You’re probably already well into major prep-mode for your family’s Thanksgiving feast this year. Your pantry is stocked with all of the essentials, you’ve found the perfect bird to roast, and you’ve even managed to ward off any family drama over who gets custody of grandma’s recipes. But if you’ve spent the rest of the year working hard to shed pounds or simply maintain a healthy weight, you might also be stressing just how much those tasty treats will end up setting you back.
Luckily, fitness expert Jillian Michaels was happy to share her holiday diet advice in a recent Instagram post. “How can we stay healthy during the holidays? I get this question every October, November, December, for the past decade or so,” she explained before revealing her own technique. “Approach the holidays the same way you approach every day of your life.”
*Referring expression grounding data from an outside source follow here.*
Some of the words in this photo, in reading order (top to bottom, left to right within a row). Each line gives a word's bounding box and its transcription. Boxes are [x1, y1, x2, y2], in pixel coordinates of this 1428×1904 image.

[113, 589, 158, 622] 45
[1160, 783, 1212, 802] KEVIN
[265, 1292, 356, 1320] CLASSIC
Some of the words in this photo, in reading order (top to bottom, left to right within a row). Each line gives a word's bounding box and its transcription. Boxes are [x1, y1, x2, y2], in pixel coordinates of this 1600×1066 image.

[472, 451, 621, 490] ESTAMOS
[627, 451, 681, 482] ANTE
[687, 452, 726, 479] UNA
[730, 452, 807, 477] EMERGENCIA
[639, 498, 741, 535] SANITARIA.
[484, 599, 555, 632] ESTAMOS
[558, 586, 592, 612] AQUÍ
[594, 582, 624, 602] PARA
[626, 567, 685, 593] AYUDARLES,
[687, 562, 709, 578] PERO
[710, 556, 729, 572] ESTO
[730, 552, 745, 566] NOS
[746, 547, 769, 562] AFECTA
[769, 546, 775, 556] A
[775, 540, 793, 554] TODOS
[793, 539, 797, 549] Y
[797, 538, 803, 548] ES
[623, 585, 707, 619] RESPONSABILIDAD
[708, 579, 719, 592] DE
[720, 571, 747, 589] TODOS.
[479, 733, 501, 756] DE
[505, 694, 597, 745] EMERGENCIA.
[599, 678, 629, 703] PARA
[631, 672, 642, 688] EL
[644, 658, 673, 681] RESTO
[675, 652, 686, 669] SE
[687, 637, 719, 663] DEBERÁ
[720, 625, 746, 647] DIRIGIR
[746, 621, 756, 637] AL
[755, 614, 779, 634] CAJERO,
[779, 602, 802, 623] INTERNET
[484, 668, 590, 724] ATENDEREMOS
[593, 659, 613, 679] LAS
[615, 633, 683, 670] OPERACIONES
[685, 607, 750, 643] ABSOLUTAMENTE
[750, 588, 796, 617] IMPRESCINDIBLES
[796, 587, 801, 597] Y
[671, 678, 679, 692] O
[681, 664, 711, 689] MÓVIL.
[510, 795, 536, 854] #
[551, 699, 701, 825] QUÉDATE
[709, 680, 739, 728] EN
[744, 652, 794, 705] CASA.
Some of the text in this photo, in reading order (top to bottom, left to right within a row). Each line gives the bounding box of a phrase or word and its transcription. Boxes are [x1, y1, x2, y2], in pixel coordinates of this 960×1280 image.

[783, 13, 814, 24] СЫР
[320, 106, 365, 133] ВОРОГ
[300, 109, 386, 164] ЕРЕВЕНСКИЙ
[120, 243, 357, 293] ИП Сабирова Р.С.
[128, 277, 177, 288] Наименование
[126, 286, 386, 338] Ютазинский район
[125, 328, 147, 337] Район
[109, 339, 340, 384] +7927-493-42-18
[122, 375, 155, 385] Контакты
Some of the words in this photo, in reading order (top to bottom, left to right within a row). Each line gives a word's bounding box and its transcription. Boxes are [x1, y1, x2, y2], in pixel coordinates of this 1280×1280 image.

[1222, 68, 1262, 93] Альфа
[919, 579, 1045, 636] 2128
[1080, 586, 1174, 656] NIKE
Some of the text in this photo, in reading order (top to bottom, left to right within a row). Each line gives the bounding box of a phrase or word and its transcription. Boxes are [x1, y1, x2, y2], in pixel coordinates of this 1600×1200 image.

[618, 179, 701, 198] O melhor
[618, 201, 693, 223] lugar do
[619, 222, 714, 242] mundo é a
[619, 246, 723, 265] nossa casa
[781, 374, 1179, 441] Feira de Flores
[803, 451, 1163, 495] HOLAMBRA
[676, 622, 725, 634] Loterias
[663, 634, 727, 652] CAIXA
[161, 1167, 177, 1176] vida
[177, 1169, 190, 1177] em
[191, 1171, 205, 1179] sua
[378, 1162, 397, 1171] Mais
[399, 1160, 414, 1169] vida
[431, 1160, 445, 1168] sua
But wait, the holidays aren’t like every other day of our life — that’s part of what makes them so special! Don’t worry, Michaels isn’t saying you should skip out on all of your favorite treats in order to keep trim. Instead, it’s all about balance, so she recommends planning ahead to keep things in check.
“If you know you’re going to a party that night, go to the gym and do a HIIT [high-intensity interval training] workout to burn more calories,” she suggested. “We gotta move a little more. Go to the gym for extra time that week. Go a little harder when you’re there, add five or 10 extra minutes.”
Michaels also addressed all the tempting food and drinks we’ll want to add to our celebrations. “Fair, but you can’t make everything a treat food,” she explained. To make sure things don’t get carried away — but you’re not depriving yourself of indulging now and then — she recommends the 80/20 approach. This means eating “good” 80 percent of the time and enjoying any less healthy options only 20 percent of the time. It’s the same method Cindy Crawford relies on to stay in supermodel shape, so there must be something to it!
As for things like wine and festive cocktails, “We have a couple of drinks, not 10,” Michaels warned. It’s about working those moments of splurging into your daily or weekly average goals. If you’re someone who uses calorie counting to keep track of your diet, that can mean eating more that your allotted amount one day and slightly less the next, plus working out a bit longer or harder.
Like most fitness experts, Michaels doesn’t want holiday meals or really any other time you decide to go a little overboard to be thought of as a “cheat day,” but rather just one piece of an overall healthy puzzle you’re putting together on a daily basis.
Now go ahead and fill your plate with your favorite holiday dishes without guilt. Just remember to balance it out!